**EXERCISE OBJECTIVE**
Read the data and repeat all of it exactly.

____________________

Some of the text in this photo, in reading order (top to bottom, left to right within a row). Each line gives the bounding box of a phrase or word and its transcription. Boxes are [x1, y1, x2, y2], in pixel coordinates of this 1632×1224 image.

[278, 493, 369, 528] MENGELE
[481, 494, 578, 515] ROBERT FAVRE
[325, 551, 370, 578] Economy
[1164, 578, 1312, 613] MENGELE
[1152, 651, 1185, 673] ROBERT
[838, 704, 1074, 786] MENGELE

____________________

**SOLUTION**
Some of the text in this photo, in reading order (top to bottom, left to right within a row). Each line gives the bounding box of a phrase or word and its transcription. Boxes are [x1, y1, x2, y2], in pixel coordinates of this 1632×1224 image.

[278, 493, 369, 528] MENGELE
[481, 494, 578, 515] ROBERT FAVRE
[325, 551, 370, 578] Economy
[1164, 578, 1312, 613] MENGELE
[1152, 651, 1185, 673] ROBERT
[838, 704, 1074, 786] MENGELE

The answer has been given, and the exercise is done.